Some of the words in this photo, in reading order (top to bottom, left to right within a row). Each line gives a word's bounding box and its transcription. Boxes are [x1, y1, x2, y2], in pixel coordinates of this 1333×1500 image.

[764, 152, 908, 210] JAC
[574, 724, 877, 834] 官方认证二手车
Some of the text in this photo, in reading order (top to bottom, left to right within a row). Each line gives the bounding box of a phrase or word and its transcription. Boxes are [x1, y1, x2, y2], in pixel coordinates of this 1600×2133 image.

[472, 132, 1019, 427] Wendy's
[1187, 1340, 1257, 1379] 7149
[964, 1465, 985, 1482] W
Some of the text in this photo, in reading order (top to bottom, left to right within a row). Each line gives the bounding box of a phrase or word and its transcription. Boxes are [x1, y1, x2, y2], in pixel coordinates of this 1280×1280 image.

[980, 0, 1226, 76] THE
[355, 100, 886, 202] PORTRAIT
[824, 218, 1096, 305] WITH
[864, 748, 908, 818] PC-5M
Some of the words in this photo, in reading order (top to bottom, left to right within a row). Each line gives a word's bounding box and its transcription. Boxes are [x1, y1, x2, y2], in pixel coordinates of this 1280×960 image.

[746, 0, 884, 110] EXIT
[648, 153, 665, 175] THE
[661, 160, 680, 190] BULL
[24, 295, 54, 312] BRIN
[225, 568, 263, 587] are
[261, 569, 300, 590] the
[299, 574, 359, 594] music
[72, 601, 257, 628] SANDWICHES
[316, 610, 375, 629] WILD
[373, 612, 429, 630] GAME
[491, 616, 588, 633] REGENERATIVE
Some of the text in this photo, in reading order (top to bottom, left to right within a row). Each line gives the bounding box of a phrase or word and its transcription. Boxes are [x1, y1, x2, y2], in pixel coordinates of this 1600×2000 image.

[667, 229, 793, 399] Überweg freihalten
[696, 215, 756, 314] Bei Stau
———
**What the exercise asks**
Word for word, output all of the material above.

**Output for this exercise**
Some of the words in this photo, in reading order (top to bottom, left to right within a row). Each line gives a word's bounding box and its transcription. Boxes are [x1, y1, x2, y2], in pixel coordinates of this 1333×1500 image.

[764, 152, 908, 210] JAC
[574, 724, 877, 834] 官方认证二手车
Some of the text in this photo, in reading order (top to bottom, left to right within a row). Each line gives the bounding box of a phrase or word and its transcription. Boxes are [x1, y1, x2, y2], in pixel coordinates of this 1600×2133 image.

[472, 132, 1019, 427] Wendy's
[1187, 1340, 1257, 1379] 7149
[964, 1465, 985, 1482] W
Some of the text in this photo, in reading order (top to bottom, left to right within a row). Each line gives the bounding box of a phrase or word and its transcription. Boxes are [x1, y1, x2, y2], in pixel coordinates of this 1280×1280 image.

[980, 0, 1226, 76] THE
[355, 100, 886, 202] PORTRAIT
[824, 218, 1096, 305] WITH
[864, 748, 908, 818] PC-5M
Some of the words in this photo, in reading order (top to bottom, left to right within a row). Each line gives a word's bounding box and its transcription. Boxes are [x1, y1, x2, y2], in pixel coordinates of this 1280×960 image.

[746, 0, 884, 110] EXIT
[648, 153, 665, 175] THE
[661, 160, 680, 190] BULL
[24, 295, 54, 312] BRIN
[225, 568, 263, 587] are
[261, 569, 300, 590] the
[299, 574, 359, 594] music
[72, 601, 257, 628] SANDWICHES
[316, 610, 375, 629] WILD
[373, 612, 429, 630] GAME
[491, 616, 588, 633] REGENERATIVE
Some of the text in this photo, in reading order (top to bottom, left to right within a row). Each line gives the bounding box of a phrase or word and its transcription. Boxes are [x1, y1, x2, y2], in pixel coordinates of this 1600×2000 image.

[667, 229, 793, 399] Überweg freihalten
[696, 215, 756, 314] Bei Stau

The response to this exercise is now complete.